After his poetry collection Wintering Out was published in 1972, a comment from Seamus Heaney on that violent and turbulent year was reported in the Cork Examiner, “If we winter this one out, we can summer anywhere.”
Some forty-eight years later, as Covid-19 closed down society, Heaney’s words became the most popular meme in Ireland.
The words have expressed the mood of the present times. The first stanza of Heaney’s poem Servant Boy tells of a man who has spent his years working wherever he may earn a wage:
He is wintering out
the back-end of a bad year,
swinging a hurricane-lamp
through some outhouse
Heaney’s words capture a mood of powerlessness, a feeling of a lack of access to resources, of sense of walking uncertainly into an unclear future.

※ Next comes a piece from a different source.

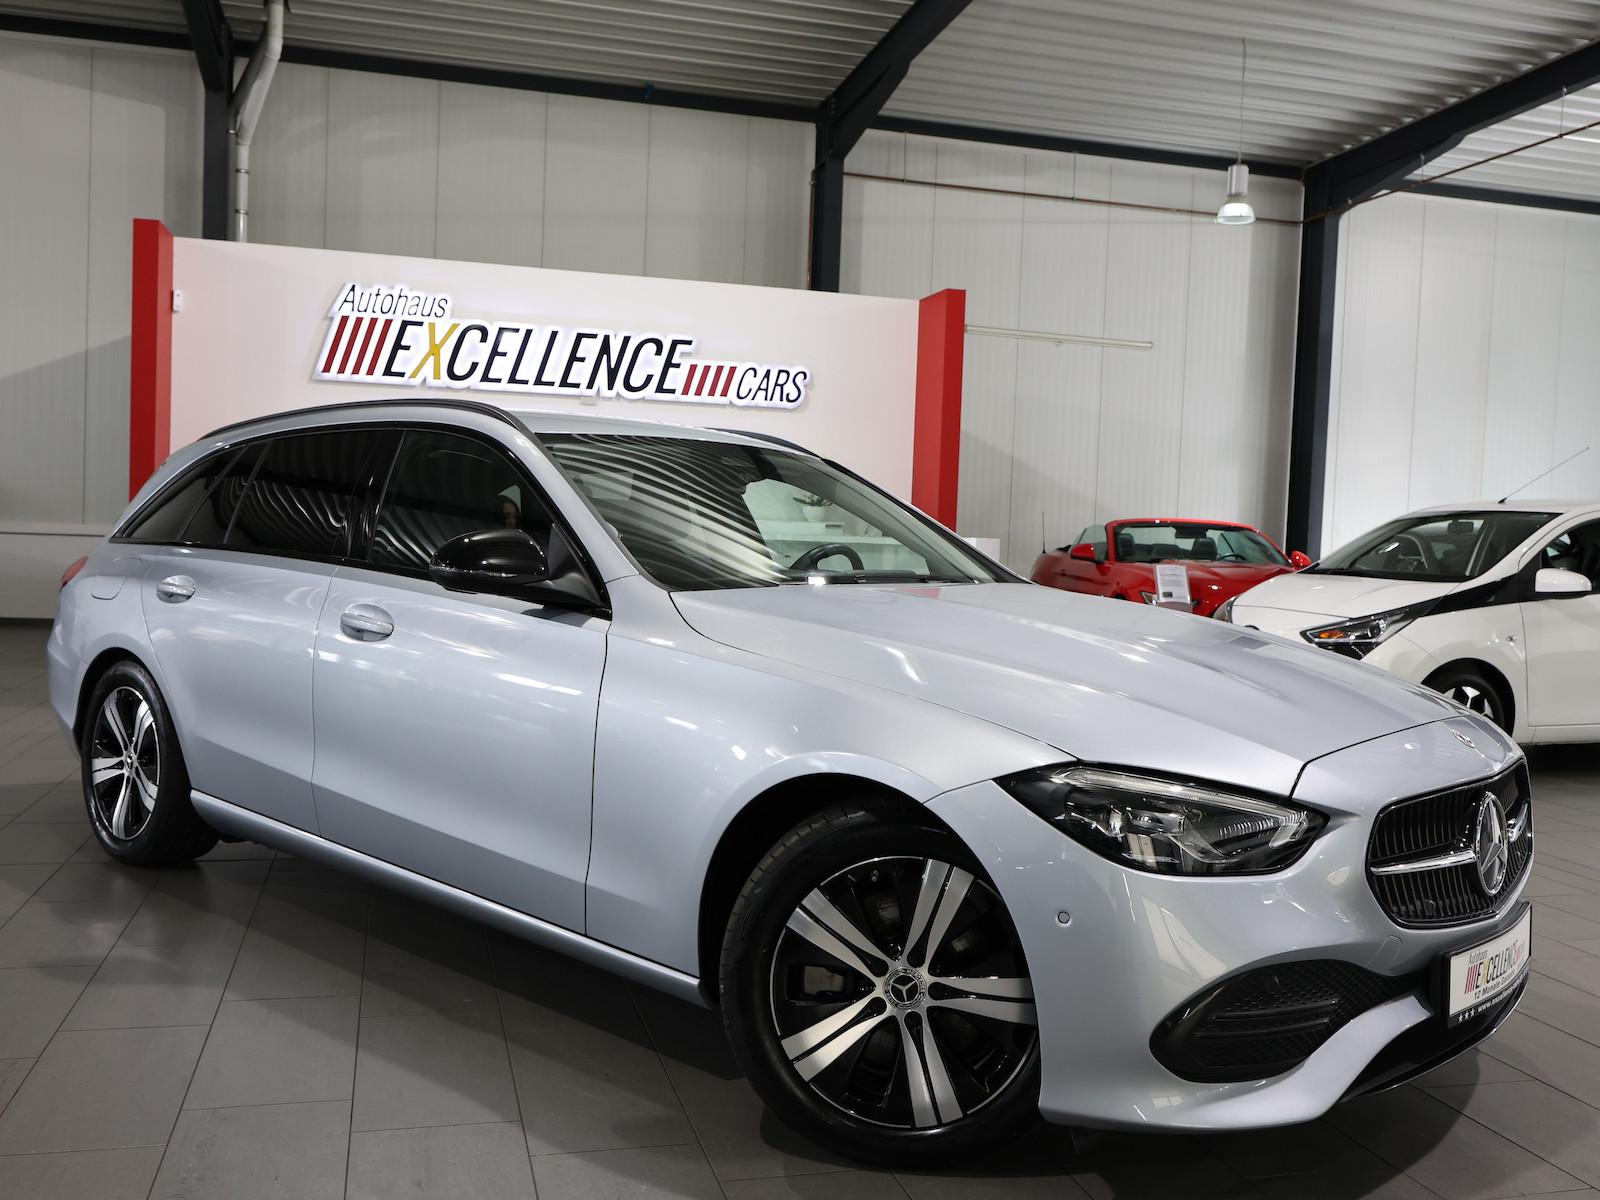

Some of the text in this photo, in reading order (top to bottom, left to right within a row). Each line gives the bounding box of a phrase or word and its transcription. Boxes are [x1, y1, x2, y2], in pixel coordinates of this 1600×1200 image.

[338, 284, 448, 318] Autohaus
[382, 319, 808, 403] EXCELLENCE CARS

The words written in Ulster in 1972 could as well articulate the feeling of those in Ireland fifty years later.
In the Republic, the culpably negligent Fianna Fail-Fine Gael Coalition government has no regard for those who must labour for a living.
In the North, the irredentist DUP, now commanding just a quarter of the vote and drawing its support from a Protestant community that is a minority of the population, is being allowed to ignore the rejection of Brexit by the people of Northern Ireland and to continue to obstruct progress.
Wintering out is the option for those who have neither buildings to accommodate their cattle over winter months, nor the fodder to feed them for the months when they would be in from the fields. They must make the most of the grazing available, carry fodder out to the livestock when the grass becomes short. Wintering out is the only option for the poorer farmer.
Like the Servant Boy, Irish wage earners are people left to metaphorically ‘winter out’. They are left to pay increasing rents to foreign funds. They are left to struggle with rising prices. They are left as the second-class citizens in health care, in education, in the allocation of resources. Like the farm labourer of the poem, they struggle to see a way forward.
Attending the school sports day yesterday, there was an overwhelming sense of joy among the students. Life had returned to normal. The winter days are passing.
We can summer anywhere now. People will no longer accept the old platitudes, the old dispensation is passing.
The next general election is not scheduled for three years, but it is hard to see how a crumbling coalition reduced to a majority of one and bereft of ideas will endure.
Few people under forty will contemplate accepting the old ways. The summer for which they will vote will be a place that is very different.